頬に熱が集まってくるのを自覚して、意識しないようにと自分に言い聞かせる。

(初めて見る訳じゃないんだから、別に…)

「早くしろよ。俺に風邪を引かせる気か?」

「う、煩いっ」

愉しそうな声音に、私は俯いていた顔を上げて景吾を睨み付けたけど、すぐに後悔した。

濡れた前髪から覗くロイヤルブルーの瞳が艶めいて見えるのは気のせいか。

目を奪われていると、景吾の前髪から落ちた冷たい雫が私の熱を帯びた頬を濡らした。

「お前、たまに可愛くなるよな。」

「っ、…何、言って…」

クッと喉の奥で笑った景吾は私の頬に落ちた雫を舌で舐め取った。

それに大きく動揺しながらも、早く終わらせてしまおうと、私は残りのボタンを外して景吾のシャツを脱がせた。
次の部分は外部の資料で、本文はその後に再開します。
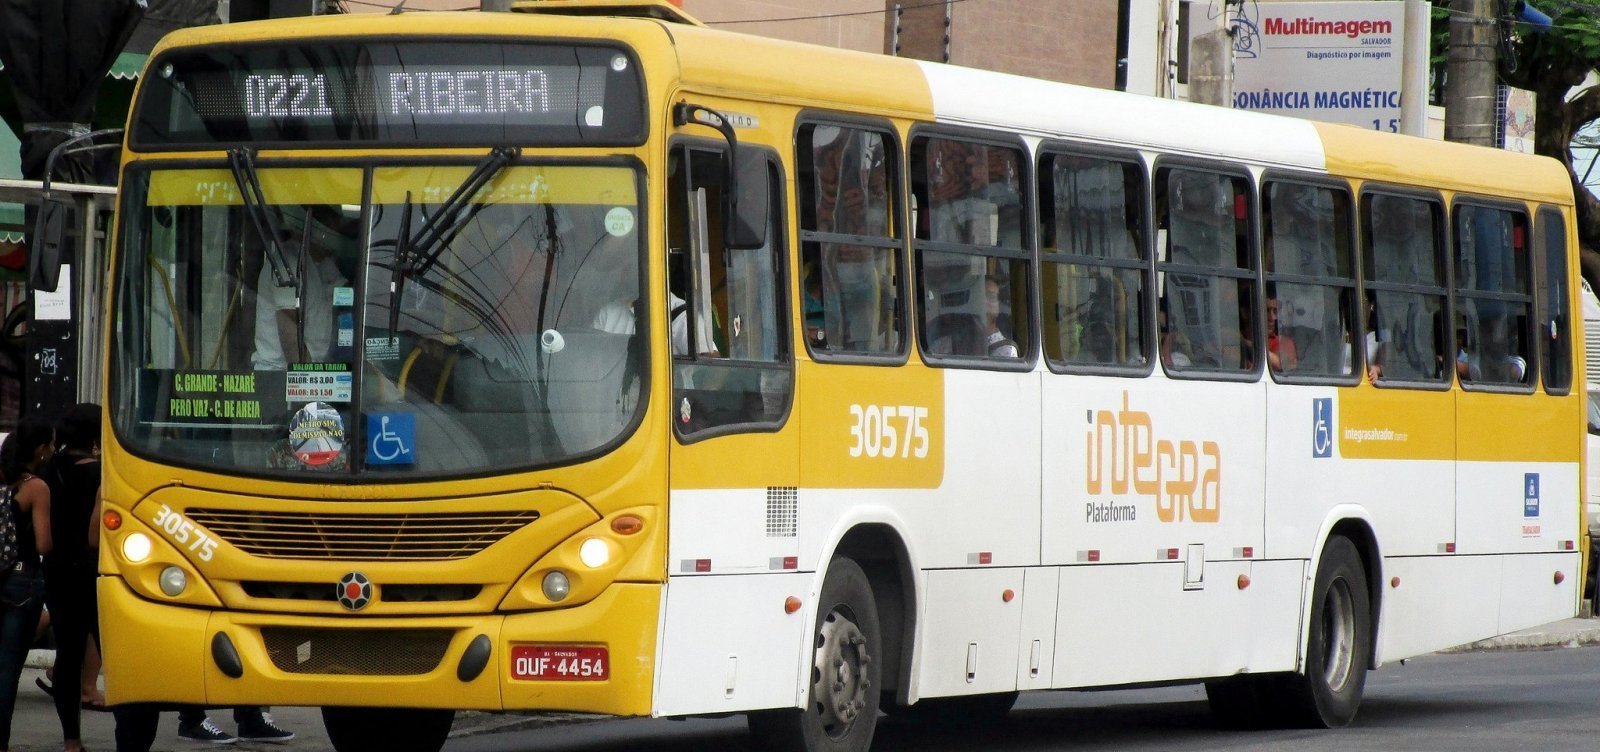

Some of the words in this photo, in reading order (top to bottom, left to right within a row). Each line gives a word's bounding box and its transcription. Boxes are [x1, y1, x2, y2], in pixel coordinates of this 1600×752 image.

[1264, 17, 1392, 38] Multimagem
[1306, 50, 1348, 59] Diagnóstico
[1349, 52, 1361, 60] por
[1362, 51, 1392, 60] imagem
[245, 74, 332, 116] 0221
[388, 70, 549, 114] RIBEIRA
[1314, 87, 1402, 109] MAGNÉTIC
[175, 373, 183, 391] C.
[184, 374, 218, 392] GRANDE
[224, 373, 256, 392] NAZARÉ
[170, 399, 191, 416] PERO
[192, 399, 208, 417] VAZ
[214, 400, 223, 418] C.
[224, 400, 235, 418] DE
[236, 400, 260, 418] AREIA
[849, 404, 929, 458] 30575
[1086, 500, 1136, 523] Plataforma
[152, 503, 218, 562] 30575
ネクタイの隣にシャツを置き、ロッカーのハンガーに掛かっている新しいをシャツを取ろうとした。

それなのに、

「はっ、離してよ! 私まで濡れちゃう…っ」

後ろから強く抱き竦められて、制服のブラウス越しに景吾の冷えた肌の感触を感じ、私の頭は沸騰寸前だ。

じわじわとブラウスが水気を帯びてくるのと同時に私の体温は上がっていく。

「やっ、どこ触って…っ」

スカートの裾から侵入した骨ばった手が太腿を撫で上げてきて、呼吸を乱してしまう。

「心配すんな。どうせお前も着替えることになる。」

耳元に吹き込まれた低い声と吐息に、強い眩暈を覚えた。